The oldest printed curriculum of Leiden University (1592)

The aim of this lectures timetable was to discourage the absence of professors and students and to make a good impression on the world with the Leiden scholarship.

Pretty soon after the founding of the Leiden University, on the proposal of rector Justus Lipsius the board of governors decided to draw up annually a series, also called a catalogus or ordo lectionum (a timetable of the lectures), one for the summer months (March - October) and one for the winter months (November - February). The aim of this timetable was to discourage the absence of professors and students and to make a good impression on the world with the Leiden scholarship. Copies of it were sent among others to the book trade fair in Frankfurt. The oldest preserved printed series lectionum dates from 1592 and concerns the summer months. The lectures are enumerated to the hour and the professors are mentioned according to the hierarchy of the four faculties of 1) theology, 2) law, 3) medicine and 4) letters, at first the ordinary (ordinarii) and then the extraordinary professors (extraordinarii). So we can see that the professor of theology Lucas Trelcatius treats the first epistle of St. Paul to the Corinthians at nine o'clock in the morning and the professor of law Everardus Bronchorst the fourth book of the Codex at two o'clock in the afternoon. They did so on all four ordinary days for lectures: Monday, Tuesday, Thursday and Friday. Wednesday and Saturday were reserved for disputations, examinations and private lectures of the professors. Sometimes a professor treated two subjects in one semester, for example the professor of Greek language Bonaventura Vulcanius the Nemean Odes of Pindar on Monday and Tuesday and on the two other days one of the Moralia of Plutarch.

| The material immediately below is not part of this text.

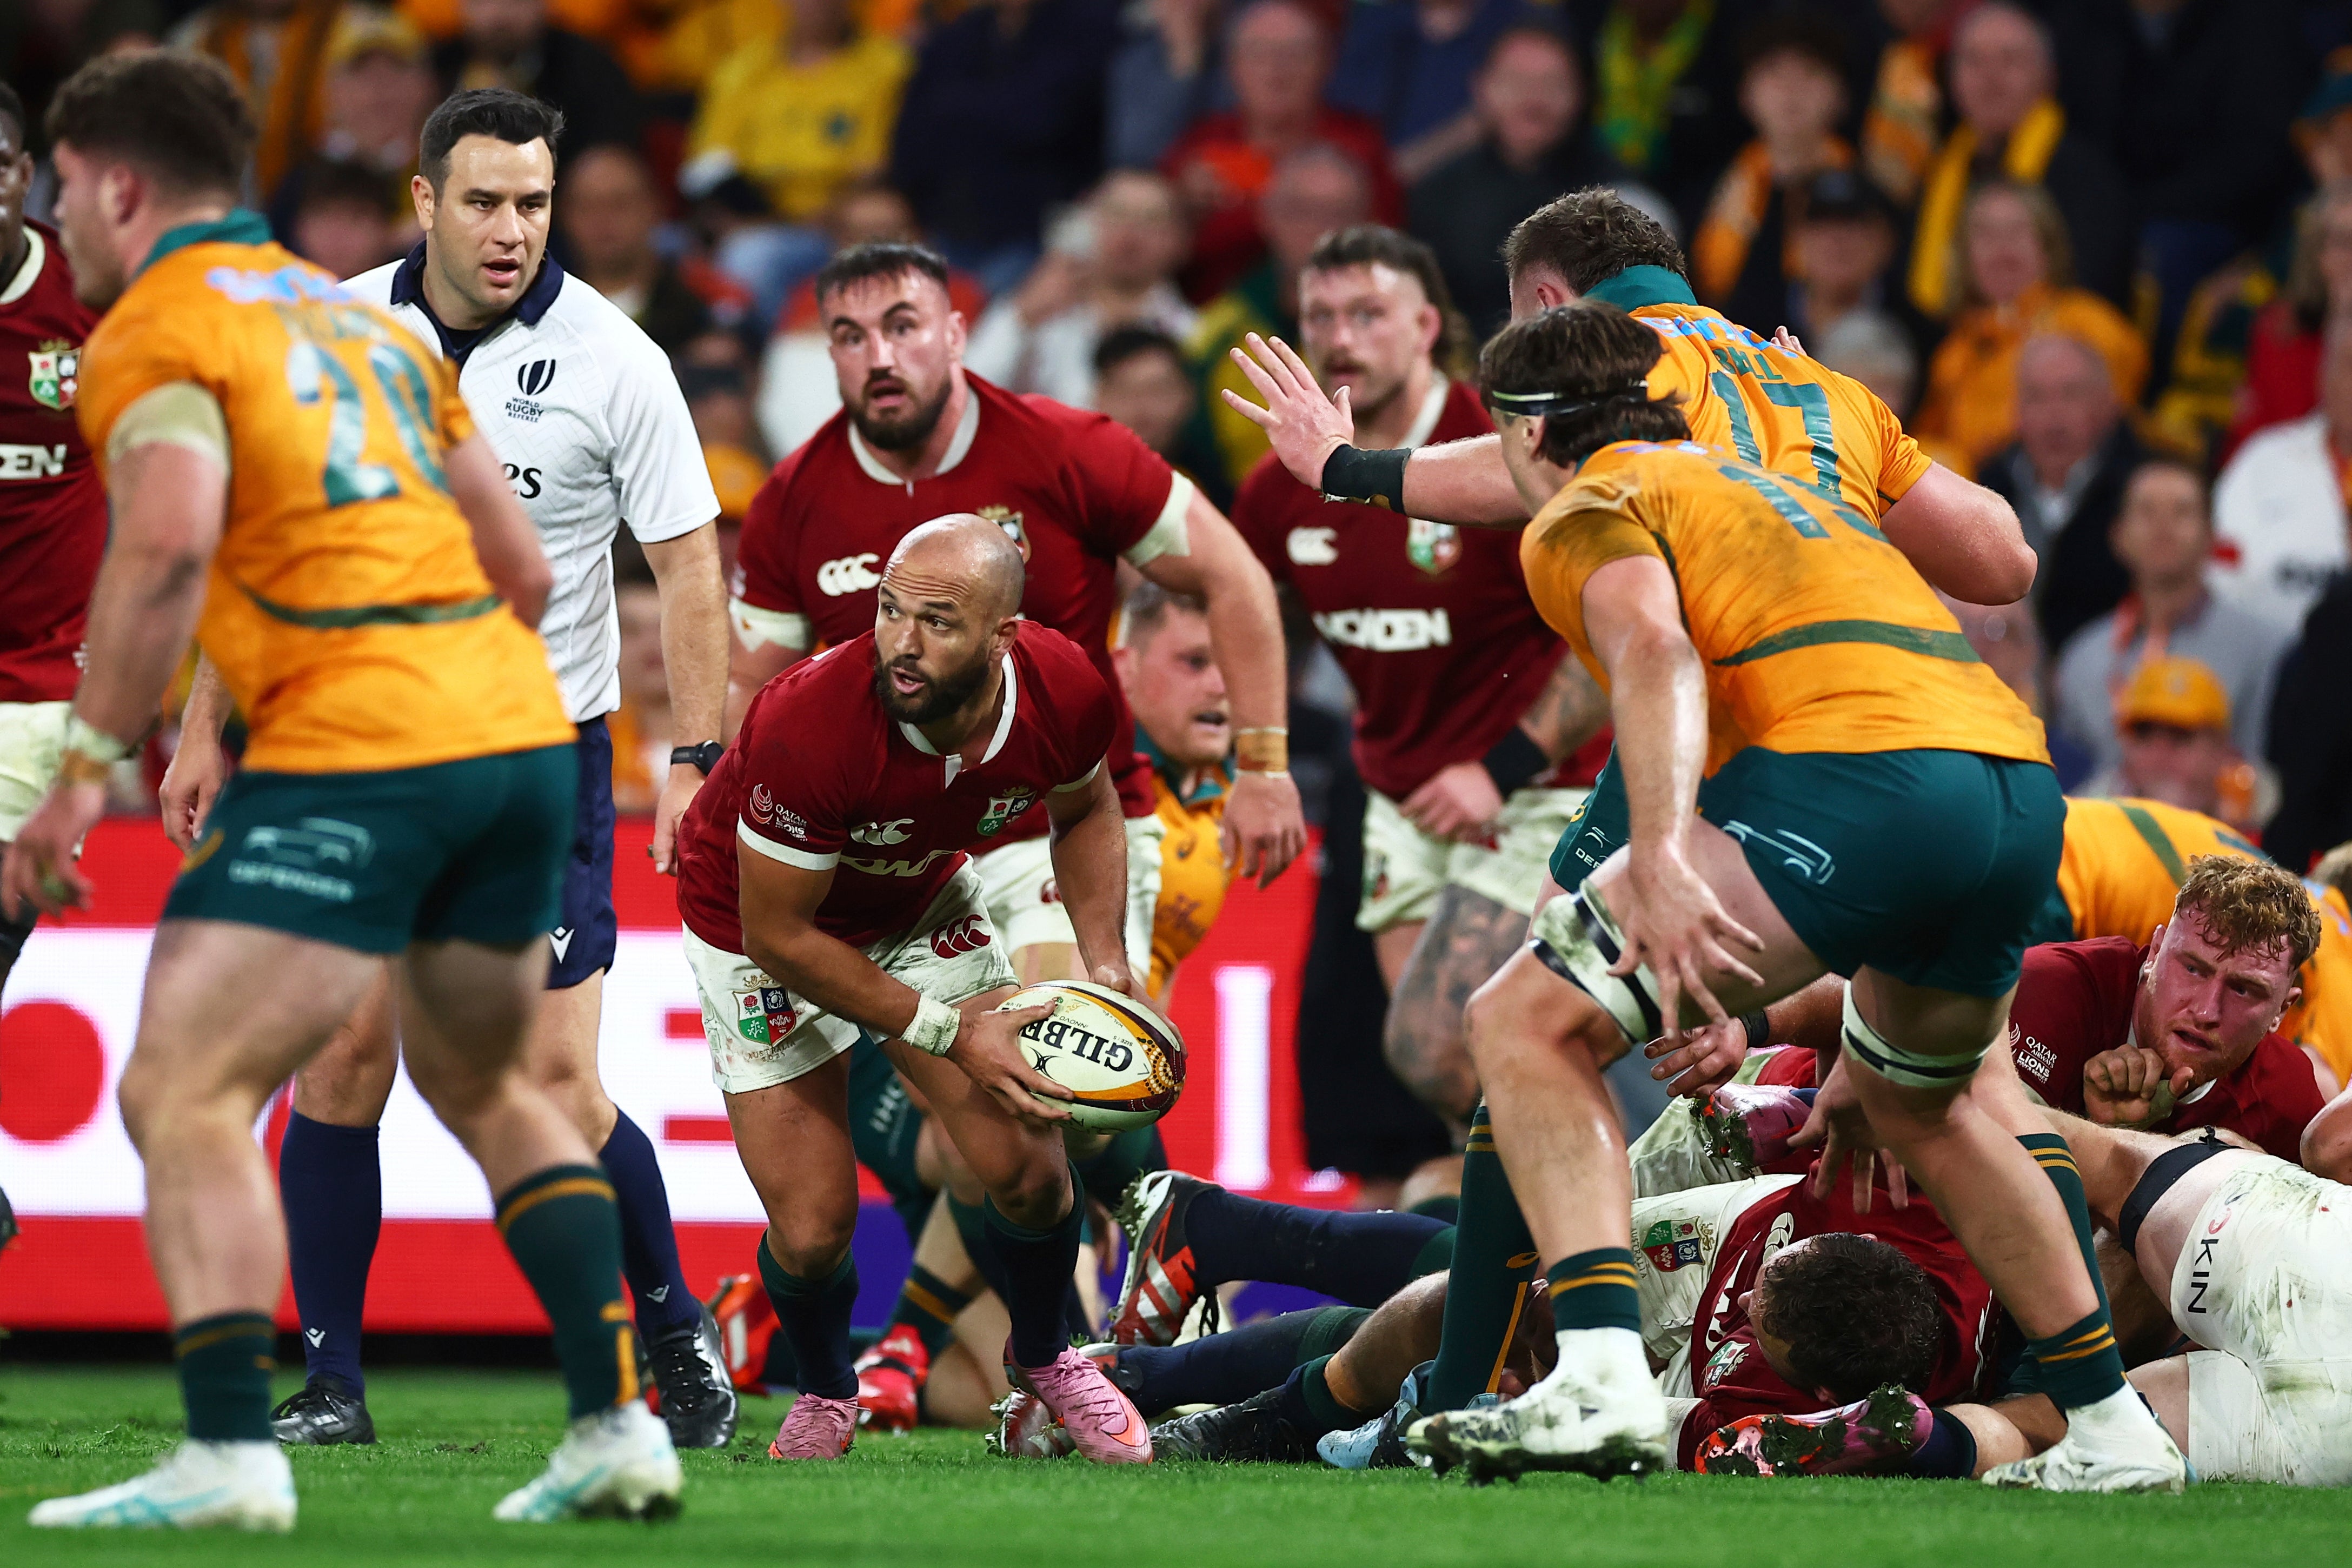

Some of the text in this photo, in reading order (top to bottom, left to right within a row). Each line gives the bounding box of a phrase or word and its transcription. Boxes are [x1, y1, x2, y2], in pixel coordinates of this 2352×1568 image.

Such a series lectionum gives information that can't be found elsewhere, for example about which subject was treated by a certain professor in a certain year. Moreover, we can follow the changes in the course of time of the subjects, the works that were treated and the definitions of the disciplines.

In the Library of the Leiden University copies of the series lectionum have been preserved completely from 1654 up to the abolition in the sixties of the twentieth century. Sometimes a hitherto unknown older copy emerges, like the one from 1613 bound in a catalogue of the Library of the Leiden University from 1612, sold at Sotheby's in London in 2008.

Blog post by Arend Pietersma, former curator at Leiden University Libraries


Collection Leiden University Libraries (ASF 283)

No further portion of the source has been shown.